A Quem Interessa a Construção da Hidrelétrica de Belo Monte?


construção

Olá pessoal, tudo bem? Hoje trago algo para vocês refletirem. Assisti ainda pouco um vídeo no youtube e fiquei abismado com tamanha hipocrisia. O vídeo em questão tem como tema a construção da hidrelétrica de Belo Monte no parque nacional do Xingu, no Pará, 

apontada como a terceira maior do planeta. A obra vai custar 30 bilhões de reais outros falam em 19 bilhões.

Dezoito atores da Rede Globo de Televisão se revezam no discurso mostrando-se preocupados com o impacto ambiental bem como com a situação dos índios da região, como se estivessem promovendo um debate. Entretanto, fica claro que a intenção é manipular a opinião pública. Eles afirmam que nós vamos pagar essa conta. Ora, tudo que é construído no Brasil é pago, rateado proporcionalmente pela população, assim como a saúde, a educação, bolsa-família, o bolsa isso e aquilo, porque, em tese, o governo não tem dinheiro próprio e sim aquilo que arrecada. Nesse quesito sou obrigado a defender o governo, pois construir usinas hidrelétricas é um investimento necessário.

Existe uma hipocrisia generalizada quanto aos dois aspectos supracitados. Todos os anos a floresta amazônica é vitima do desmatamento de milhares de quilômetros quadrados, queimadas para o plantio de monocultoras e da exploração ilegal de seus recursos. Quer maior impacto ambiental que esse? Além disso, muitas tribos, “proprietárias” de suas respectivas reservas, vendem madeiras nobres a preço de banana a quem interessar. Sabemos da importância que a floresta amazônica tem para o Brasil e para o mundo, a prova irrefutável disso é que hoje existem mais de 100 mil ONGs instaladas lá, e a maioria delas vinculadas a organismos estrangeiros. Várias reportagens sobre esse tema já foram expostas na televisão nos principais canais abertos.

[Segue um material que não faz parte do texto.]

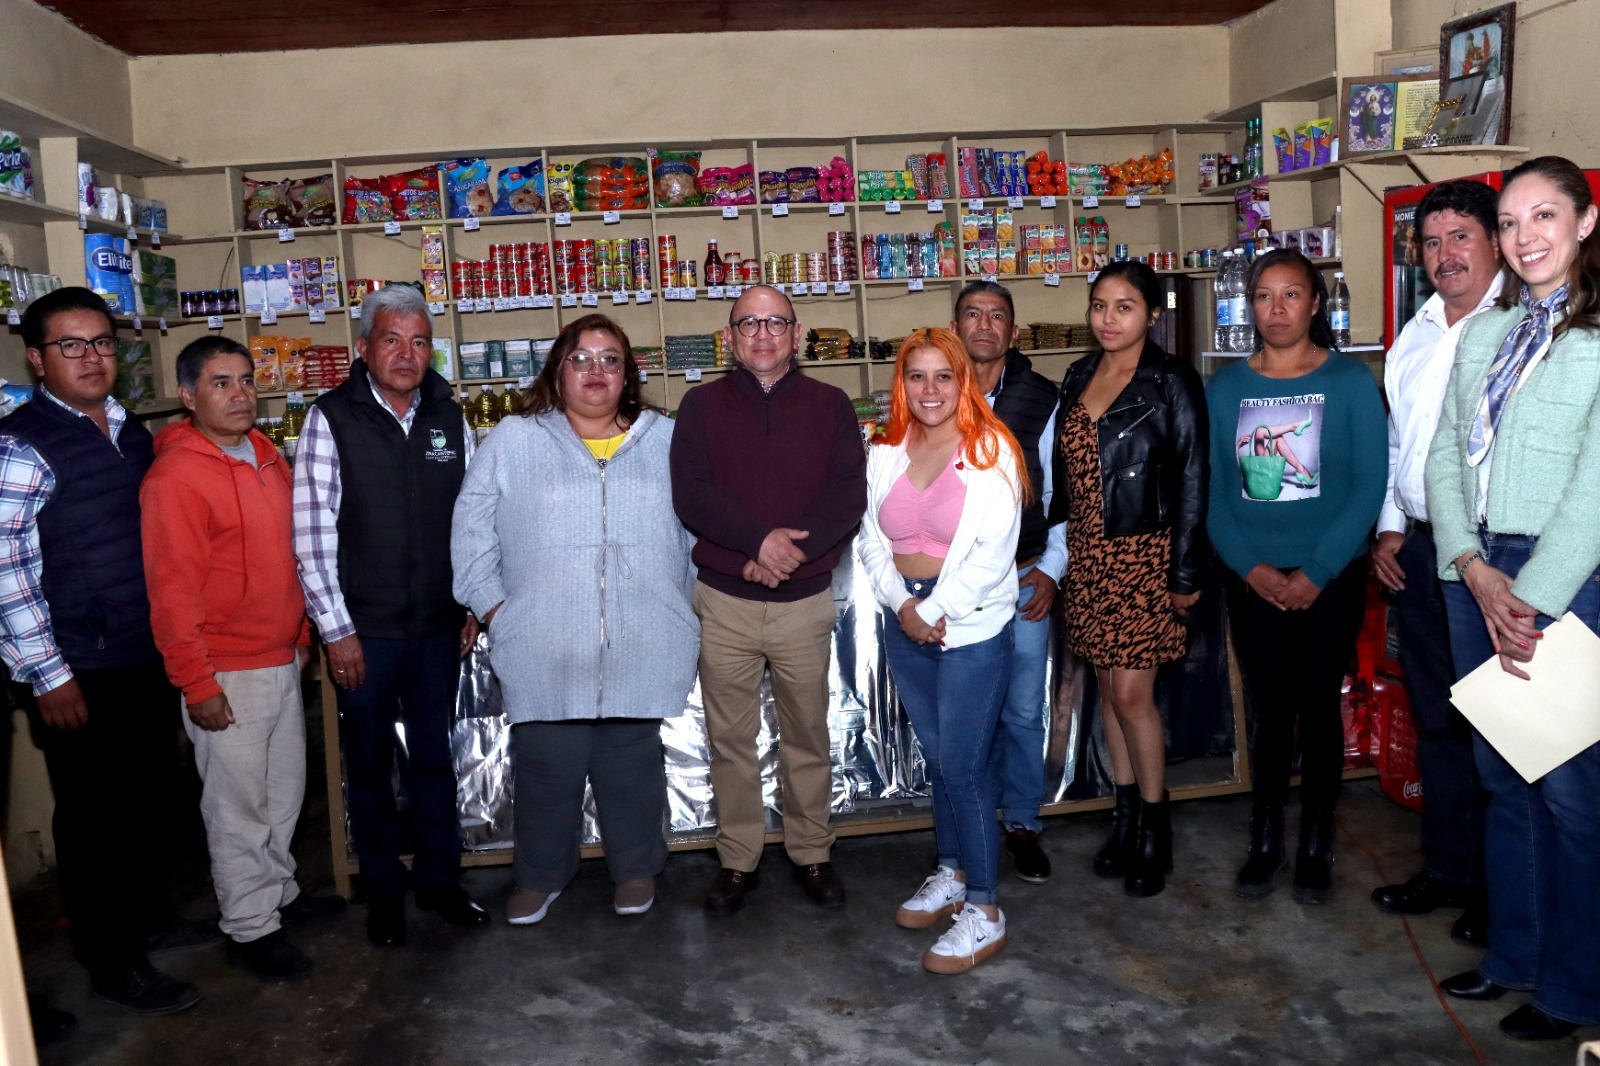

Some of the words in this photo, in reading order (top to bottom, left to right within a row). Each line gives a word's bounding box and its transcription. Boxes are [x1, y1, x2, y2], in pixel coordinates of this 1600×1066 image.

[1241, 399, 1271, 408] BEAUTY
[1272, 397, 1306, 406] FASHION
[1308, 395, 1324, 404] BAG
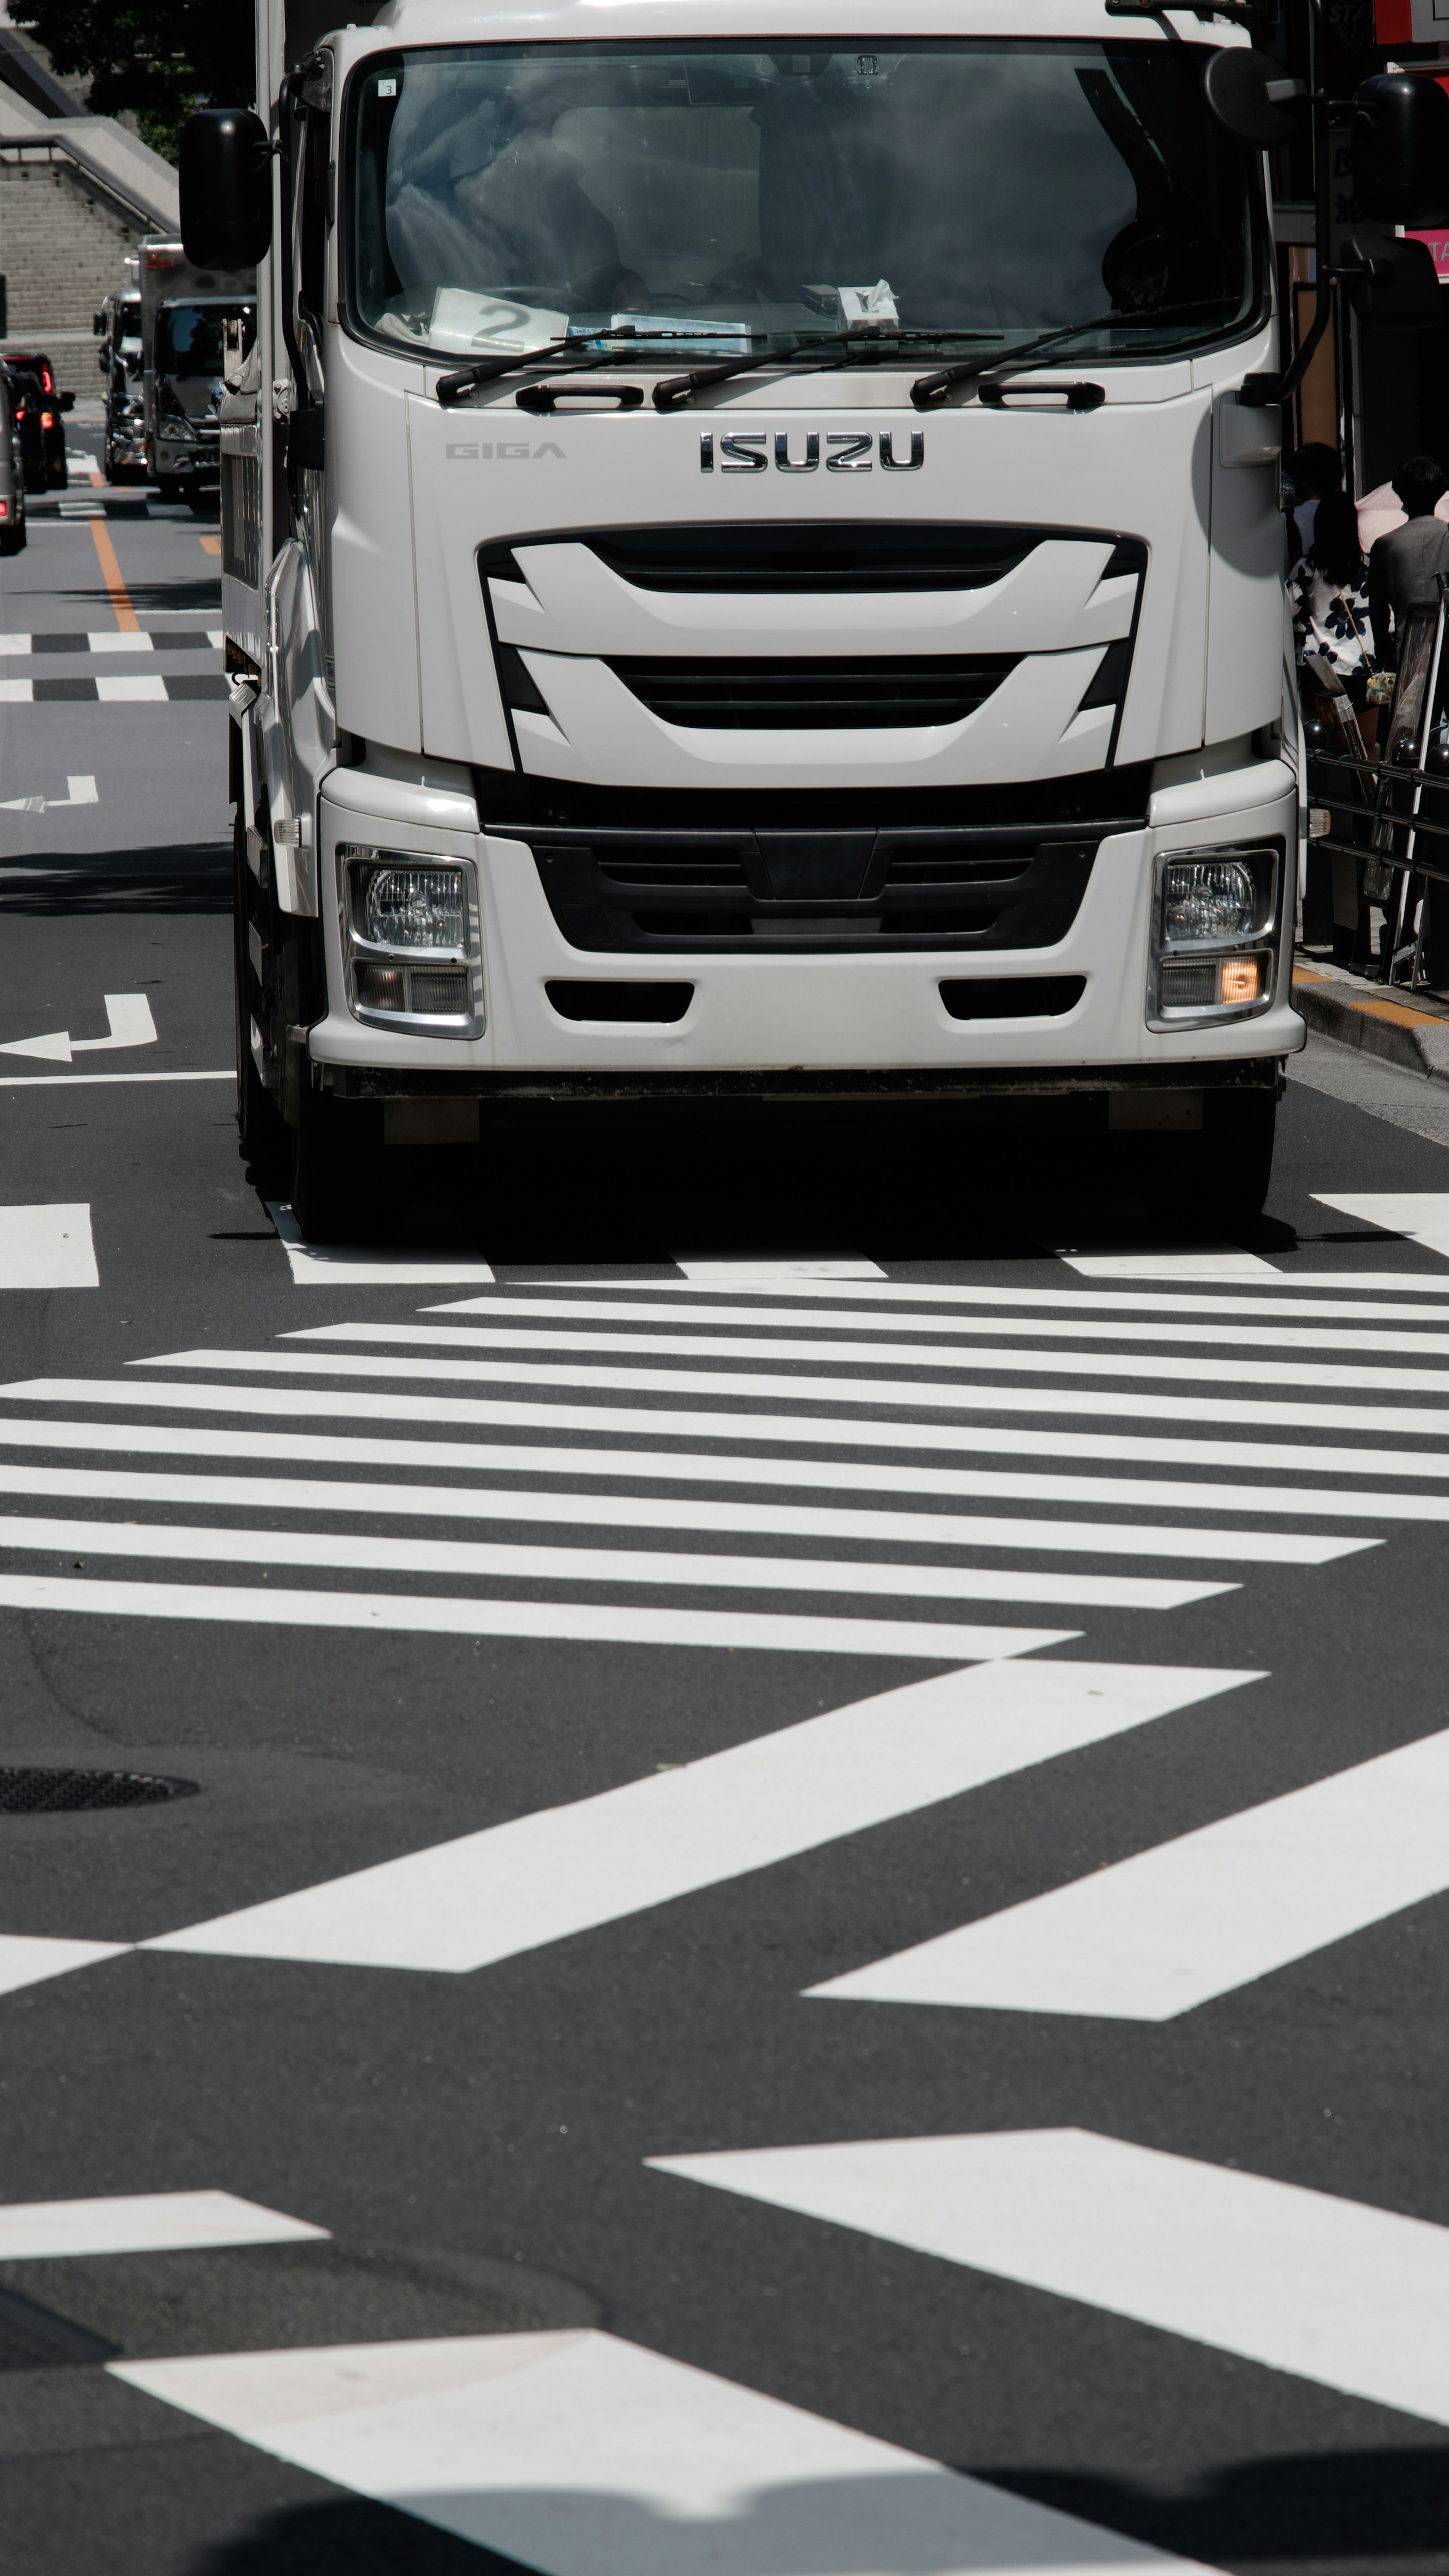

A população cresce em escala geométrica, muitas cidades brasileiras estão inchadas e inchando de modo desordenado. Há necessidade de construção de casas, apartamentos, de mais transporte, mais ruas e iluminação pública, eletrodomésticos, enfim mais demanda por energia. Hipóteses para conter o consumo de energia existem, mas todas elas são inviáveis. Uma delas é voltar à idade das cavernas. Outra é colocar um freio no crescimento populacional, situação que vai contra o capitalismo que necessita cada vez mais de consumidores, o governo que deixa de arrecadar tributos, a igreja, pois diminui o numero de fies, etc. Todavia no vídeo ninguém fala ou faz campanha para economizar energia, e quando você economiza a empresa prestadora do serviço retém sua conta de energia elétrica sob a alegação que algo esta errado, ou foi erro de processamento da fatura ou algum problema do wattímetro – popular relógio de luz.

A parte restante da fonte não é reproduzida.